Pagination interacts badly with full-text search and volatile filters. If a user paginates through ?q=invoice and edits a record so it no longer matches, row counts shift — cursors tied to sort keys still work; offsets do not. Document that clients should restart from the first page when filters change.

For near-real-time feeds, time-based cursors ("give me items older than this timestamp") are popular but suffer clock skew and duplicate timestamps. Prefer compound (timestamp, id) keys. For eventually consistent replicas, expose whether pagination reads from primary or replica; stale cursors can briefly repeat items after a write — usually acceptable for activity feeds, unacceptable for billing ledgers.

Total counts and "load more" UX

Mobile apps often show "Load more" without page numbers. That maps cleanly to has_more + next_cursor. Desktop admin UIs that display "Page 3 of 412" need either an expensive count query, a cached approximate count, or honest copy ("many pages") instead of fake precision.

Security and abuse considerations

  • Cap limit server-side (50–100 typical); ignore client requests for 10,000.
  • Authenticate list endpoints that encode tenant scope inside the cursor.
  • Rate-limit deep iteration — scraping via pagination is common; throttle by API key and IP.
  • Do not expose sequential internal IDs in cursors if that enables enumeration attacks on other resources; use opaque UUIDs or signed payloads.
  • Validate cursor schema version — bump version when sort fields change and reject old tokens with a clear 400 error.
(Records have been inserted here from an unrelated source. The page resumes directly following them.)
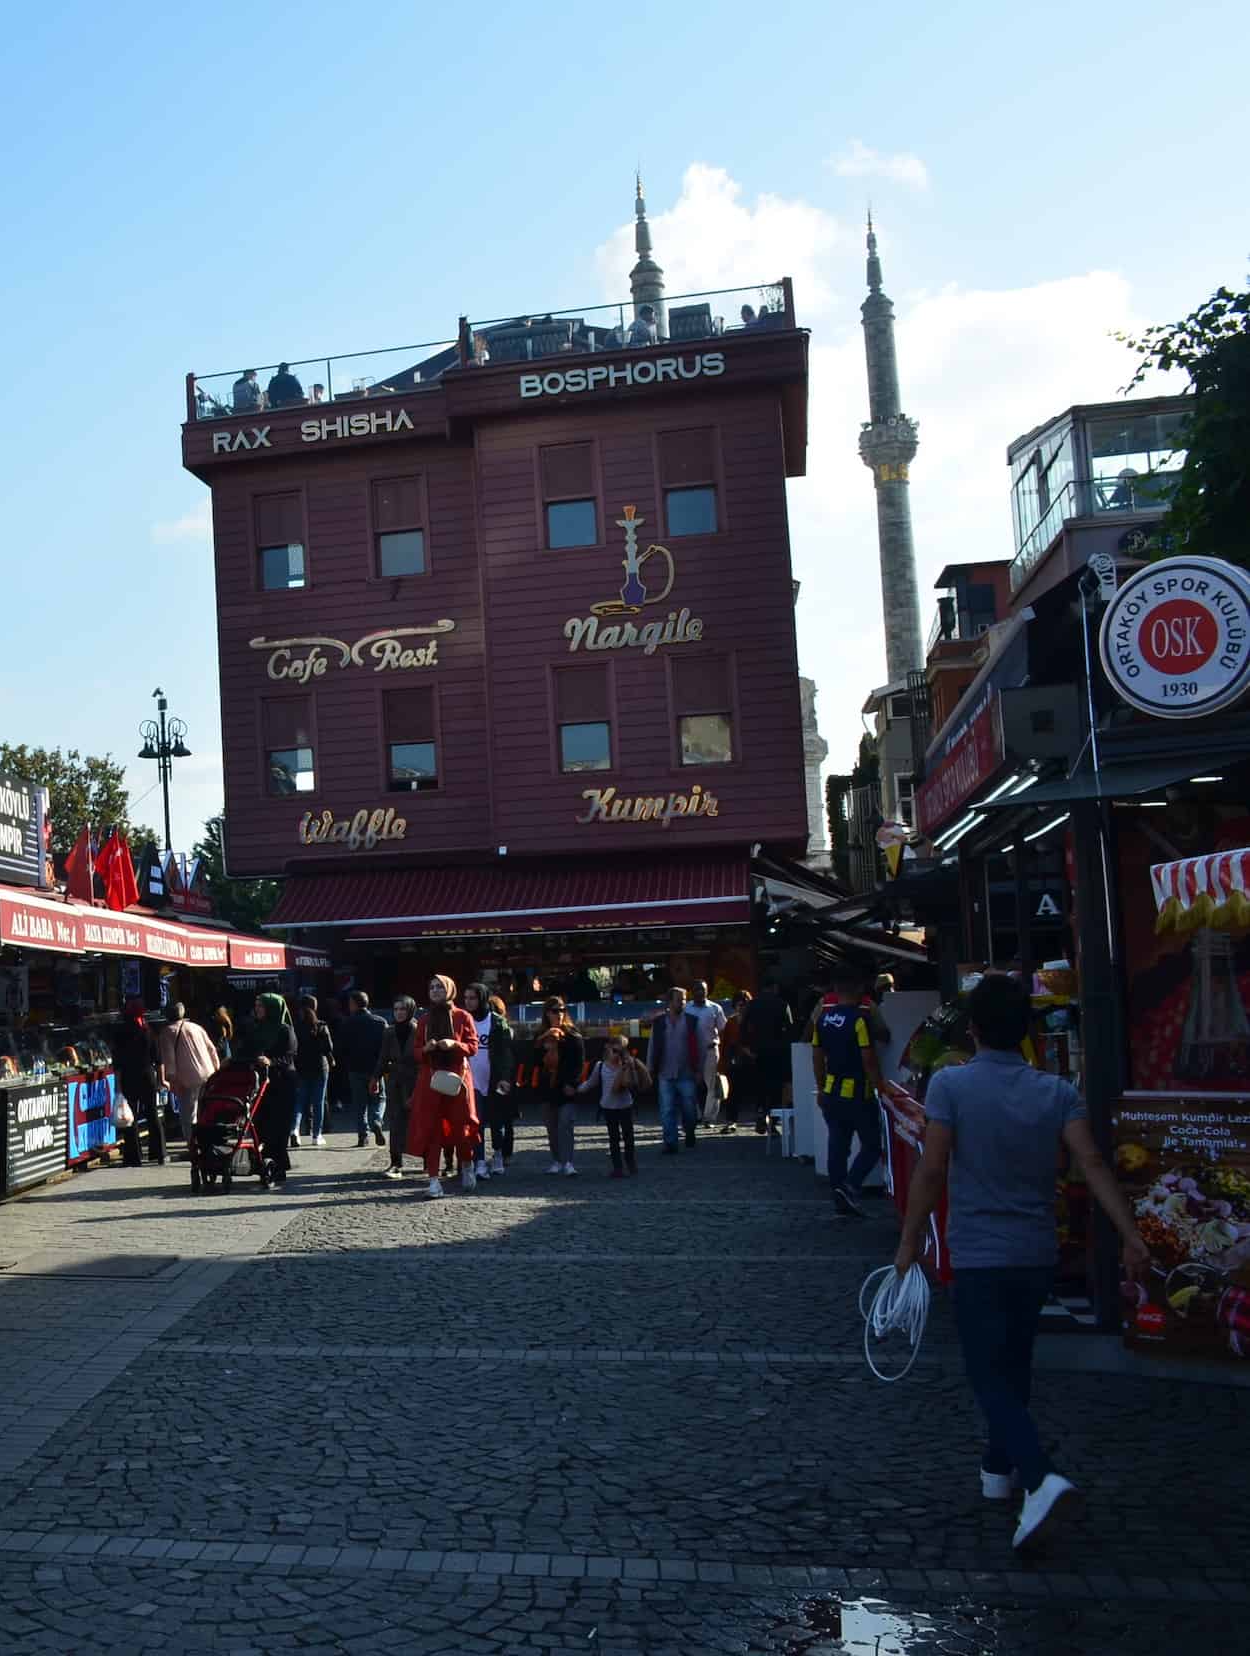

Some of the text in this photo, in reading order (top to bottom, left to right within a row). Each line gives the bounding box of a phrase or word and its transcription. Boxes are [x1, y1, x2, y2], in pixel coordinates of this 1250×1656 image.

[520, 352, 726, 398] BOSPHORUS
[213, 409, 414, 454] RAX SHISHA
[564, 607, 703, 656] Nargile
[1117, 578, 1246, 678] ORTAKÖY SPOR KULÜBÜ
[1151, 616, 1206, 659] OSK
[267, 647, 329, 684] Cafe
[1162, 682, 1199, 697] 1930
[575, 784, 720, 829] Kumpir
[299, 808, 407, 851] Waffle
[17, 1086, 59, 1123] ORTAKÖYLÜ
[25, 1119, 54, 1153] KUMPİR
[1169, 1126, 1231, 1137] Coca-Cola
Client implementation notes

Client libraries should treat pagination as an async iterator: fetch page, yield items, continue while has_more. Store only the latest cursor, not every page token, unless you implement backward navigation. When syncing locally (mobile offline-first), persist the last cursor per feed and dedupe by primary key — network retries can overlap pages if timeouts are mishandled.
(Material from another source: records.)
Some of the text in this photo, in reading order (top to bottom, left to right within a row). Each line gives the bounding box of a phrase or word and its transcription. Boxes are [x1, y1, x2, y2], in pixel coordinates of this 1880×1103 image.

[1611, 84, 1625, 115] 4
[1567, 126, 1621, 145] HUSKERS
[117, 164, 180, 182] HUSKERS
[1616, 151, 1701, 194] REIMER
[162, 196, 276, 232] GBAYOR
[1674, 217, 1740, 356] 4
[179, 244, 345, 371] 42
Pair paginated list fetches with idempotent writes on mutations so a user who creates a row while scrolling does not corrupt local cache state when the new item appears twice (once from POST response, once from the next page).

Choosing a pattern

Pattern Best for Avoid when
Offset / limit Small admin tables, jump-to-page UIs High-churn feeds, deep pages, large tables
Opaque cursor Public APIs hiding implementation details Clients need random access without server support
Keyset / seek Production feeds, timelines, ledger history Sort column not indexed or not unique with tie-breaker

Production checklist

  1. Default limit conservatively; enforce a hard maximum.
  2. Sort by a unique compound key; document the sort order in API docs.
  3. Implement keyset seeks for large lists; reserve offset for shallow admin views.
  4. Add composite indexes matching WHERE + ORDER BY columns.
  5. Return has_more and next_cursor in a consistent envelope.
  6. Invalidate or reject cursors when sort or filter parameters change.
  7. Version cursor payloads; handle decode errors with 400, not 500.
  8. Load-test page 1 and page 1,000 — latency should not diverge by 100×.
  9. Monitor slow list queries; log cursor age and filter cardinality.
  10. Document whether totals are exact, approximate, or omitted.

Key takeaways

  • Offset is easy but does not scale — deep pages scan discarded rows and drift under writes.
  • Keyset pagination keeps page turns O(1) when indexes align with sort and filter columns.
  • Stable sorts need a unique tie-breaker — almost always append id.
  • Cursors are a contract — sign them, version them, and reset on filter changes.
  • Pagination and indexing are one design — the API shape and the database schema must match.